I spent much of this morning cursing the bureaucrats in the PGN in Guatemala, and then an equal amount of time swearing at drivers as I headed down the hill to see a notary. PEOPLE with their DRIVING and their BREATHING...IN AND OUT AND IN AND OUT. SO annoying.

Thankfully, the militant notary who once told me he could make a citizen's arrest when I "forged" my birth certificate by making a color copy on his machine was out for the day; probably at either a Dungeons and Dragons conference or possibly at a Notarians for President meeting. The mellow notary was there, and she was able to I.D. me, sign me and get me out of there in just a few minutes. This brightened my day SO much that rather than go back to bed to bemoan our fate and knock back some Nyquil to make the day pass more quickly, I decided to take a trip to my past...by getting a mani pedi at my favorite Vietnamese nail salon.

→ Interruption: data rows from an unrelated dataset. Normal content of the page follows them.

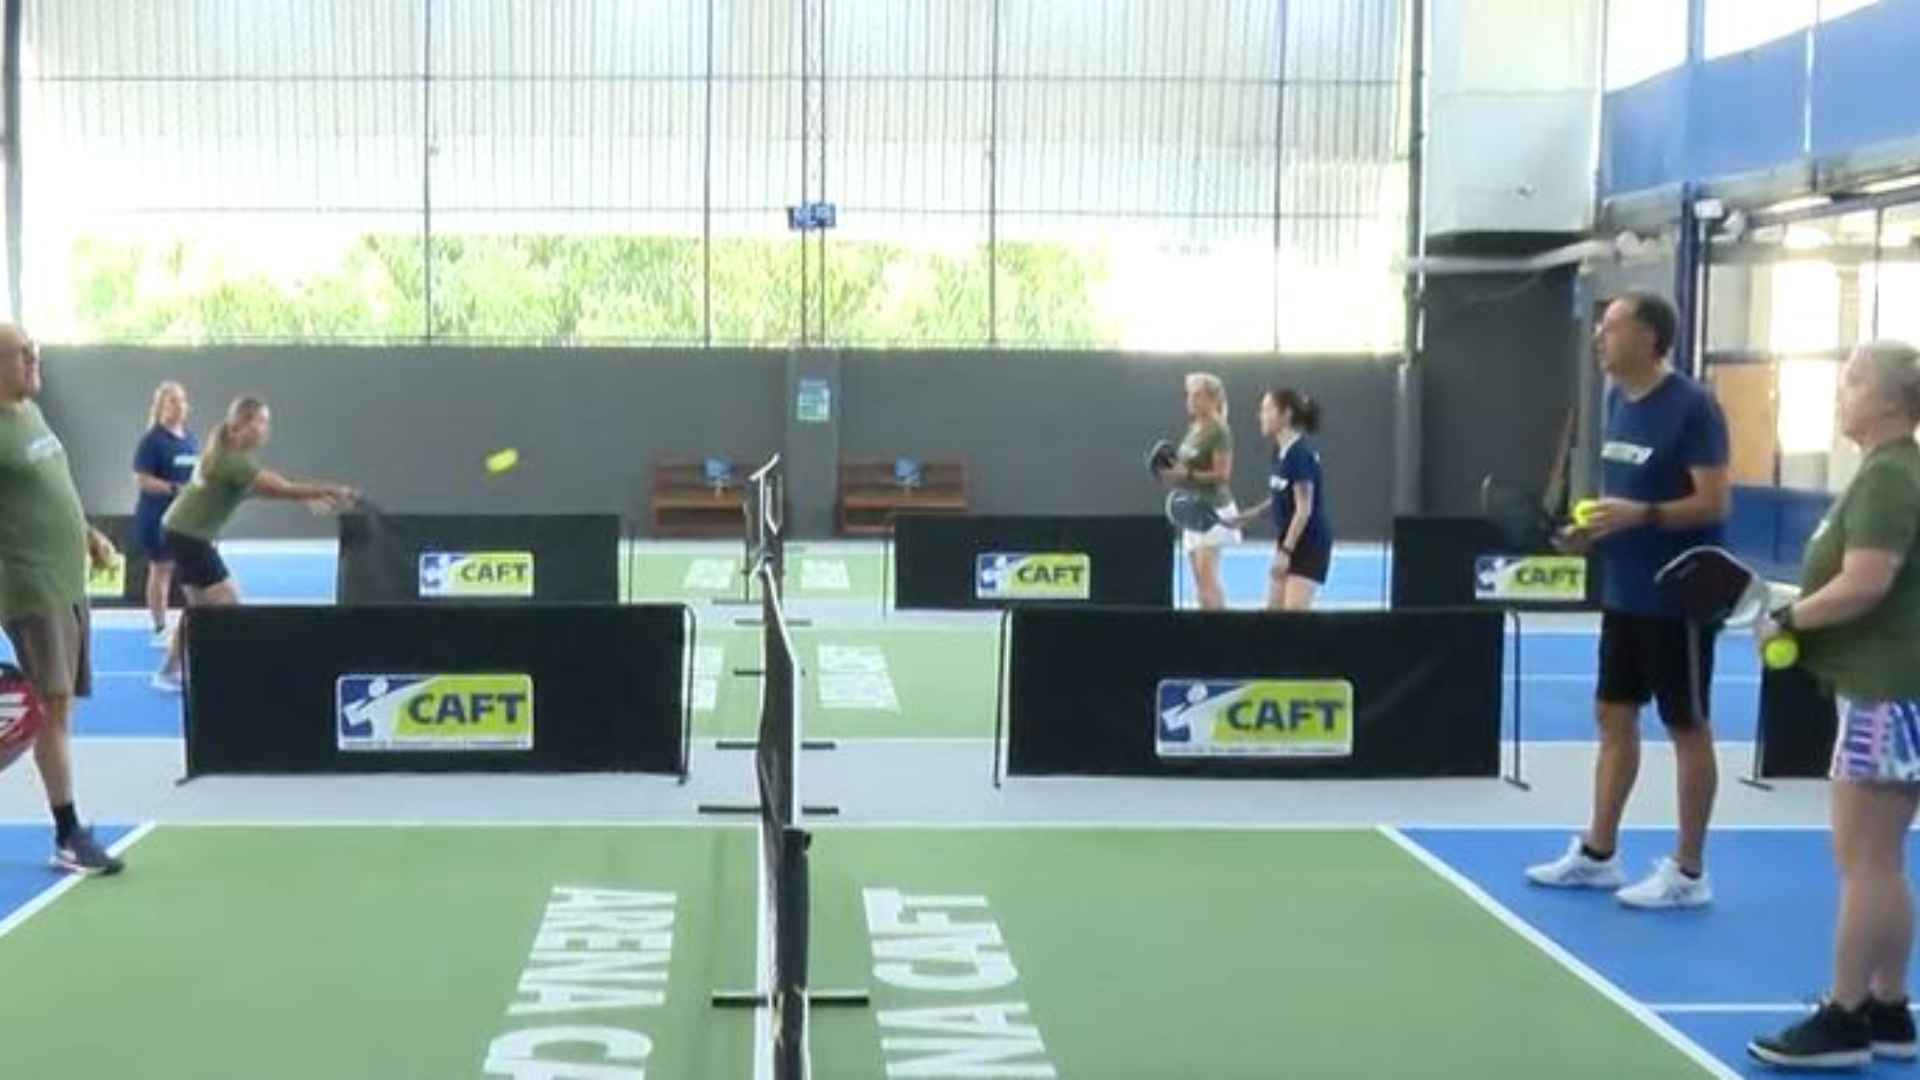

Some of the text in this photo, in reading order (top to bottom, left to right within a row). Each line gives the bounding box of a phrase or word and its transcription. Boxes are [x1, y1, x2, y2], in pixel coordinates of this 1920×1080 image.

[461, 562, 528, 583] CAFT
[1017, 564, 1085, 584] CAFT
[1515, 567, 1582, 586] CAFT
[407, 692, 526, 725] CAFT
[1226, 698, 1344, 732] CAFT
[506, 886, 677, 1016] ARENA
[863, 887, 1018, 991] CAFT

While there inhaling the toxins, reading my book and having my feet shaved, I had an epiphany: I needed to get all Gandhi on those bureaucrats' asses. Go Zen on those bastard people. I would not have them drive me to egg homicide or to bed while the sun was out. I would be Buddha. Buddha with So Berry Berry Nice pink toenails and shiny fingernails, and the faintest hint of nail polish remover at each wrist.

This meant not trying to do unto to them with a sledgehammer, but only worry about how I let them affect me. This is not new news — the oldest spiritual beliefs include this mantra in many forms. Yet somehow I had forgot it as I churned through paperwork and stared at phone each day willing The Call to come in, hurling us down to Guatemala and our daughter. So how would I do this? What would my Practice be?

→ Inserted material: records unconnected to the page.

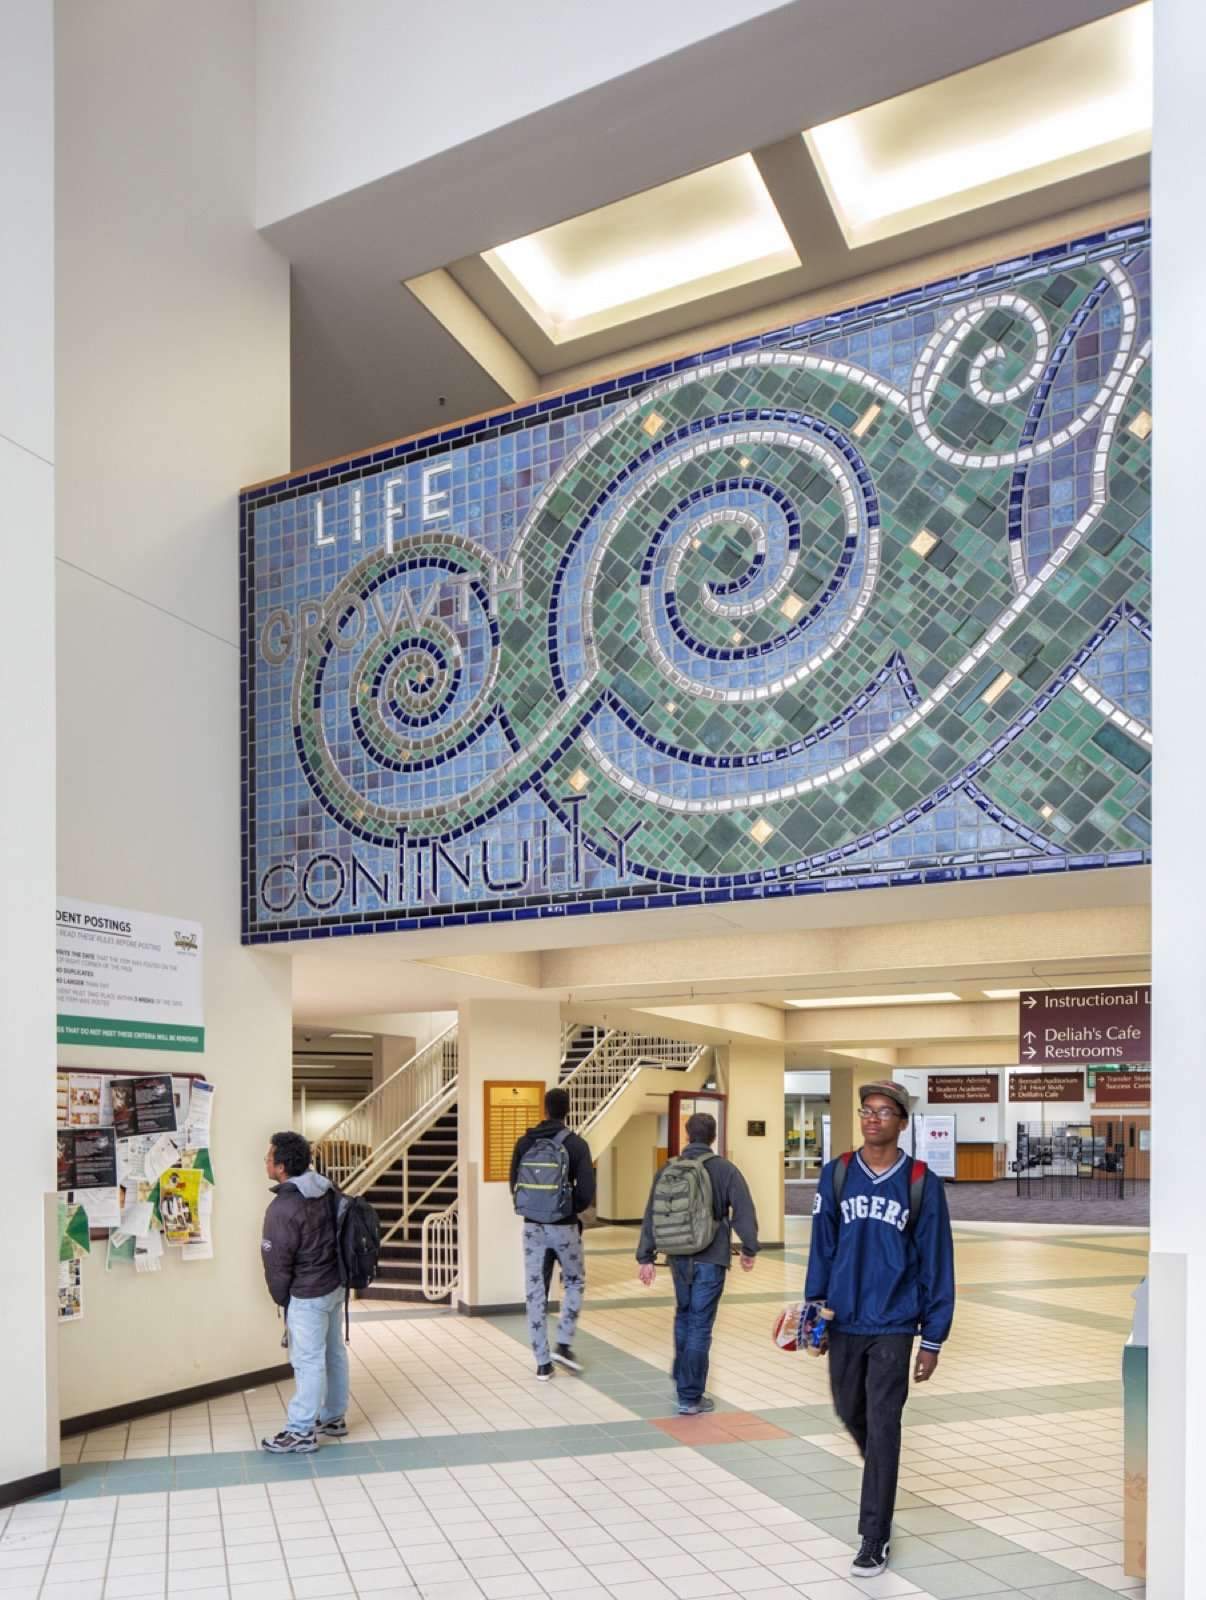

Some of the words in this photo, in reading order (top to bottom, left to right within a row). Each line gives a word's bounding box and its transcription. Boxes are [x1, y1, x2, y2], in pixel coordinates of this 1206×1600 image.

[314, 462, 453, 554] LIFE
[260, 558, 525, 667] GROWTH
[261, 792, 647, 914] CONTINUITY
[84, 914, 131, 933] POSTINGS
[1044, 990, 1138, 1008] Instructional
[1044, 1026, 1102, 1042] Deliah's
[1044, 1044, 1124, 1058] Restrooms
[840, 1195, 910, 1232] TIGERS

1) Nourish: Buy an iced coffee and stare at the cherry blossoms on the Glenview sidewalk, enjoying the warm spring breeze.

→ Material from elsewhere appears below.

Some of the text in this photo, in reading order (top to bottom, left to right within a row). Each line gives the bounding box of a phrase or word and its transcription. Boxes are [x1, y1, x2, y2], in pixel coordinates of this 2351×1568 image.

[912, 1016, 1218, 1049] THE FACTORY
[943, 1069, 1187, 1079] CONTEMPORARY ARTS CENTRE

2) Befriend: Visit the nails, screws, cheap kitchen goods and helpful, tenacious and palsied 87-year old guy at the hardware store and ask for his advice on something, anything, knowing it will make his one day in the store more than worth it.

3) Release: Eat a fried chicken tender from Safeway. And not consider becoming bulimic immediately afterwards.

4) Destroy*: Go home and clean out my bathroom cabinets, dumping out the nail polish bottles long-sealed, the expired medicines, the clay masque hardened into a small baseball bat-like tube, the lipstick that looks pink in the tube and orange on my lips, making me look like a 70s groupie the day after a gig and possibly suffering from malaria or hepatitis.

5) Accept: Allow my son to put his sweet mucus-covered face next to mine, pretending to be a baby, because the name "Madelena" was said, robbing him of his ability to speak or walk.

And with that I return to normalcy, all without my husband ever knowing I had fallen off the wagon and become more than just a little bit crazy for more than just a few little minutes. Was it an epiphany, or was it the Mucinex DM? Only time (6 hours, according to the label on the Mucinex DM) will tell.

*Destroy is not usually thought of as a Buddhist belief, but HEY, welcome to 2007.